How long before Formula 1's midfield teams attack Haas F1 over Ferrari link-up?
Guenther Steiner says any Formula 1 teams who criticise Haas F1’s new approach to racing had the opportunity to follow a similar business model, ...
Guenther Steiner says any Formula 1 teams who criticise Haas F1’s new approach to racing had the opportunity to follow a similar business model, as the team braces for a potential backlash from independent outfits after massive initial success.
Haas has made a sensational start to the 2016 season, with Romain Grosjean coming sixth in Australia and then going one better yesterday in Bahrain, where he finished fifth.
The Frenchman was aided by the red flag in Melbourne, which was the result of Fernando Alonso’s huge crash with his teammate Esteban Gutierrez, but in context, Haas F1 has already scored more points than the other previous new teams (Manor, Caterham and HRT) managed in five years. And it will be worth tens of millions of dollars in years to come in prize money as Haas vaults the back markers.
Haas F1’s business model is that it uses as much of Ferrari’s technical DNA as the sport’s regulations allow, which includes the power unit, suspension and transmission systems, while its chassis is built by Italian company Dallara.
This approach was made possible by F1’s so-called “Listed Parts” – the monocoque, survival cell, front-impact and roll-over structures, bodywork, wings, the floor and diffuser – being reduced to those eight elements.
Haas F1 makes the listed parts and buys in everything else from Ferrari.
This arrangement, as well as the advantage taken over a gap in the regulations (now closed) which allowed Ferrari to work on their behalf without constraint in the wind tunnel, has contributed to the American team’s instant success. And F1 being what it is, this has angered many of F1’s independent teams who produce their own equipment in-house and view Haas F1’s relationship with Ferrari as a threat to their existence.
Suddenly their model looks outdated and inefficient.
Grumblings have started, but this will no doubt develop into antipathy. But speaking after the race in Bahrain, Steiner, who is Haas F1’s team principal, explained that all teams had the same opportunity to partner with a manufacturer and should worry about their own problems before attacking his team.
He said: “I don’t know what other people are thinking but I think in the first place, everybody has to look at themselves [about] why they are where they are before speaking [about] other people.
“The regulations are the same for everybody. We didn’t do anything different than anybody else can do so I feel completely at peace with ourselves. What we did, everybody knew.
“I think a lot of people didn’t expect it and they are now [saying] ‘wow, it really happened. And now sometimes you have to get over things, you know.”
Haas F1 is yet to sign a commercial agreement with Bernie Ecclestone, and there are some hoops to go through over the next two seasons before it can receive its share of the sport’s $890 million prize fund.
The team’s current points haul means it could well finish ahead of teams like Manor, Sauber, Renault and even Force India at the end of the season. They will become entitled to a significant share of the prize pot, pending the deal it can strike with Ecclestone. The real money kicks in after two seasons of finishing in the Top Ten of the Constructor's Championship. That will net them in excess of $60m.

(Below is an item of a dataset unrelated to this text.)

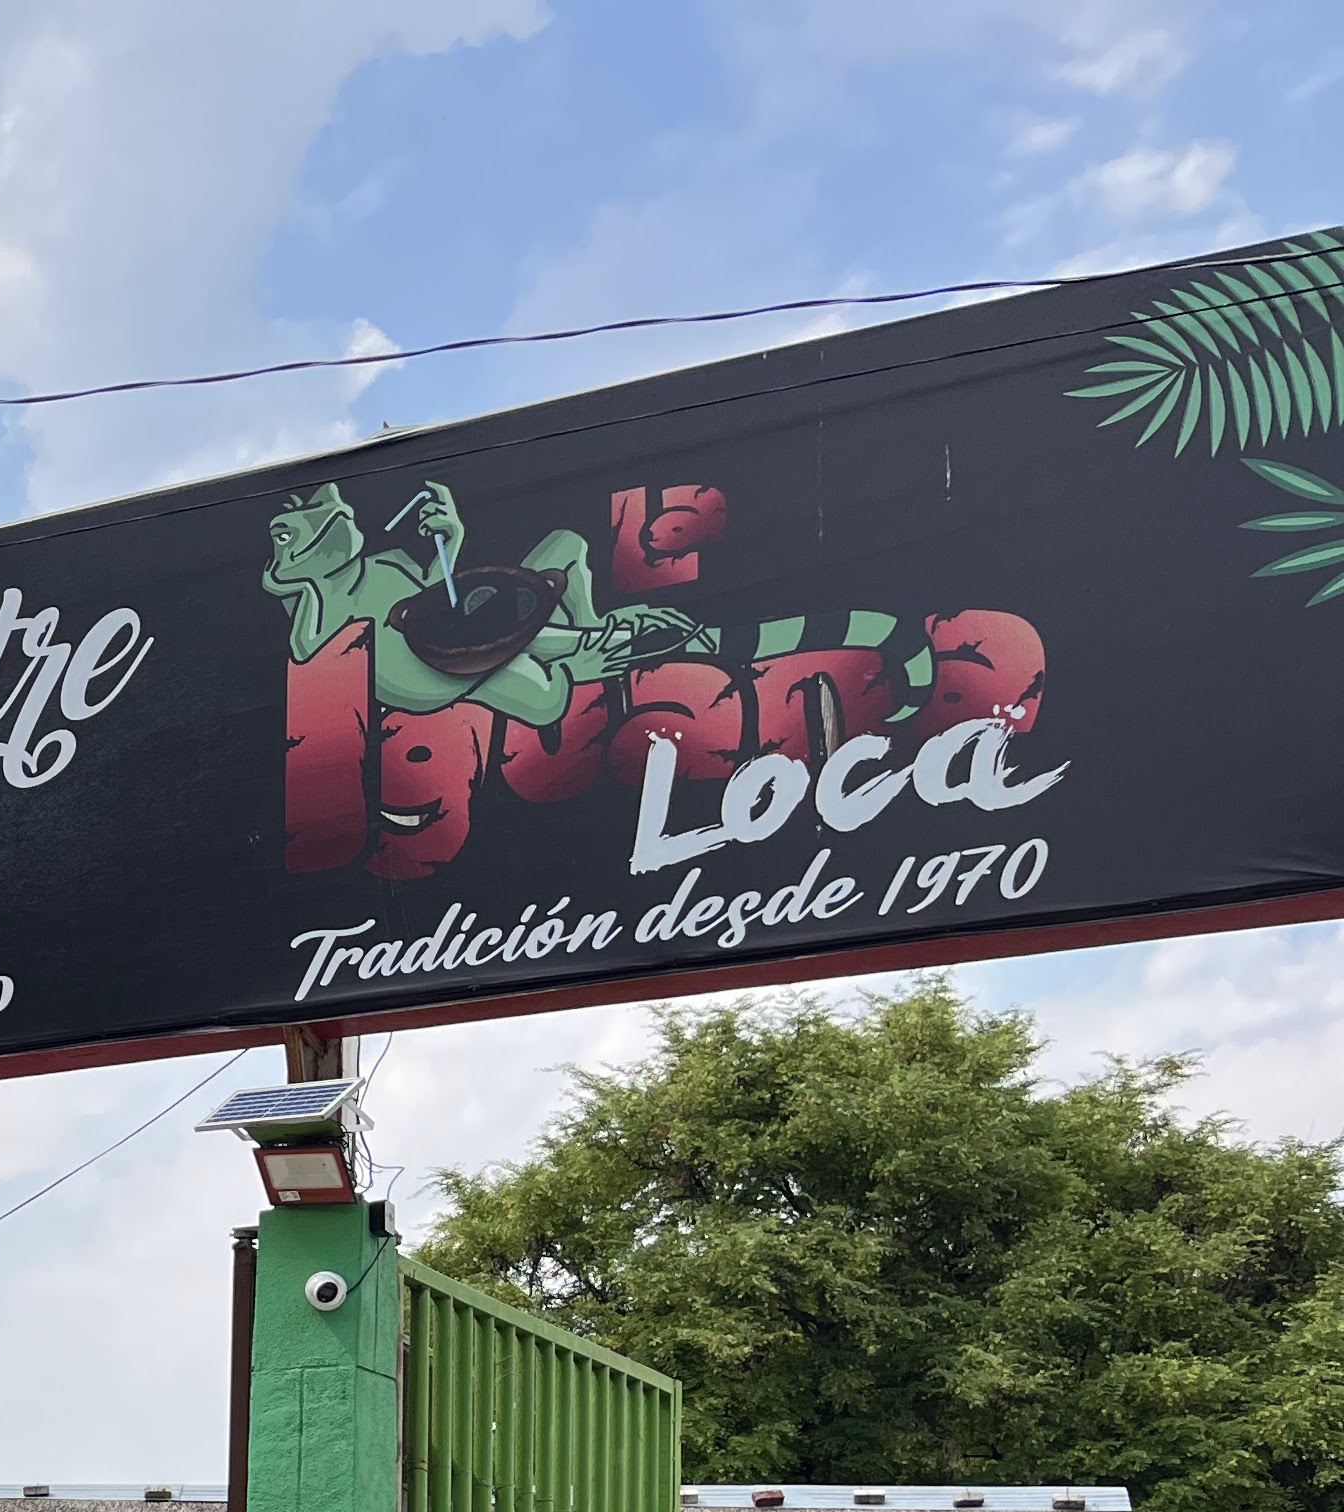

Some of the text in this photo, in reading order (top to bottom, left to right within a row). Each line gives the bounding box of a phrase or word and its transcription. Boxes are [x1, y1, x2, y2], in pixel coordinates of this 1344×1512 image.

[284, 608, 1047, 880] Iguana
[630, 705, 1074, 875] Loca
[289, 838, 1050, 1001] Tradición desde 1970
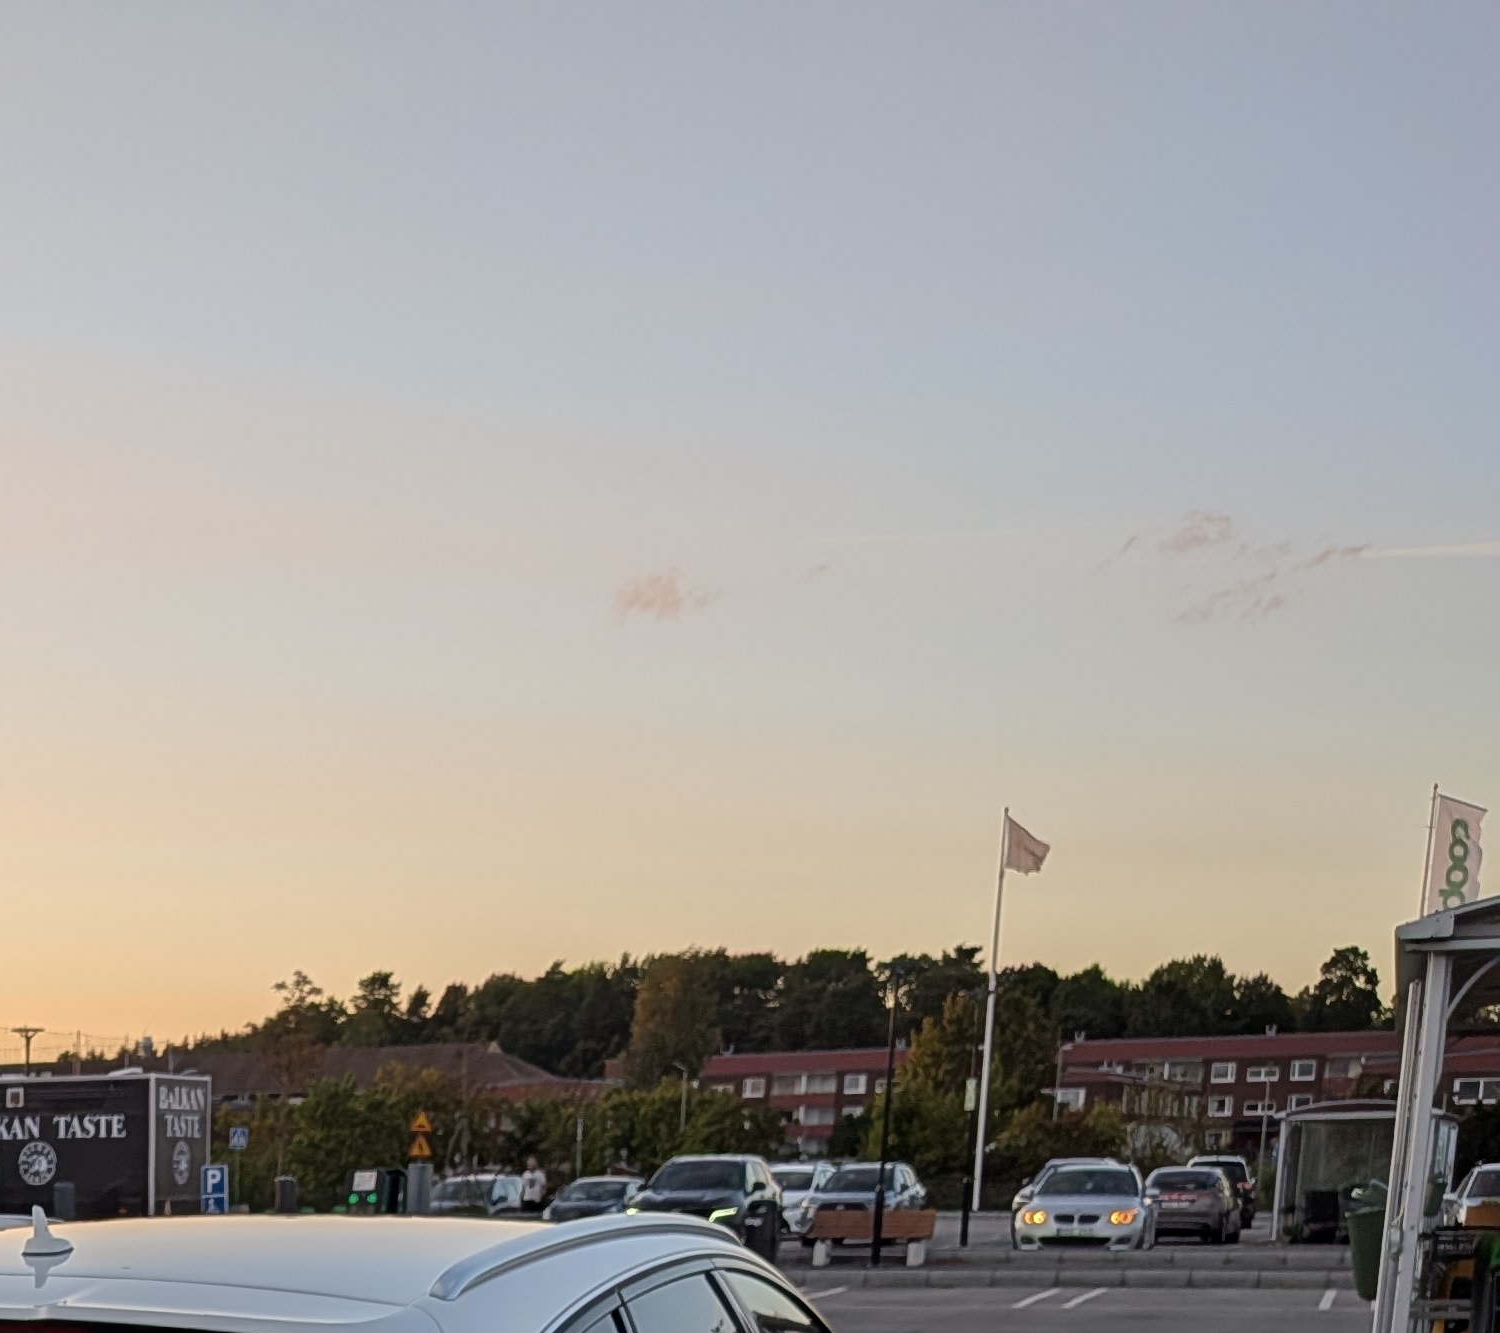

With Haas' model based on using F1 as a platform for selling his machine tools, the plan is for the F1 programme, which costs around $100m a season, to break even after a couple of years and any additional sponsorship and prize money after that is pure profit.
Steiner reckons that the situation for 2017 will become clearer as negotiations continue.
He said: “We have got 18 points now but I don’t know where that takes us. I always said we don’t want to be last, I don’t think we are going to end up last, that’s a good point. How much money we get we will see next year. We count that one when we get it.”
Fifth place unexpected
Grosjean’s Bahrain result was boosted by the team’s decision to run the supersoft tyre as much as possible during the race, but Steiner reckons it would be too much to expect the new team to finish so high up at every Grand Prix.
He said: “We didn’t expect fifth. I always said we can end up in the points if we do a good job, that’s what we are working for. To end up fifth is pretty good.
“I think fifth is too ask to much for, but I think we now want to try to get points [at] every race, that is the objective. If we reach it or not I don’t know, but we know the car well enough [to know] what we can do and everybody has seen the pace over two races.
“I think it is possible to make the points and we always have only had one car at the finish. If you have two cars the chances are doubled, so yeah we want to try and get points every time. [But] to try and always be fifth is getting a little bit greedy and we don’t want to do that.”
Two-car finish objective
Gutierrez is yet to finish a race after his return to F1 with Haas at the start of 2016. Steiner revealed that a suspected brake problem had forced the Mexican out of yesterday’s event and explained that getting both cars to the finish in the Chinese Grand Prix was its first priority.
He said: “[We’re] not so pleased about Esteban, [it’s] the second race in a row he doesn’t finish. We have to investigate what it is, we had a problem on the front left. We think it is something in the brake, [but] we don’t know exactly.
“Our aim should be to get two cars to the finish that will be [the target] for China.”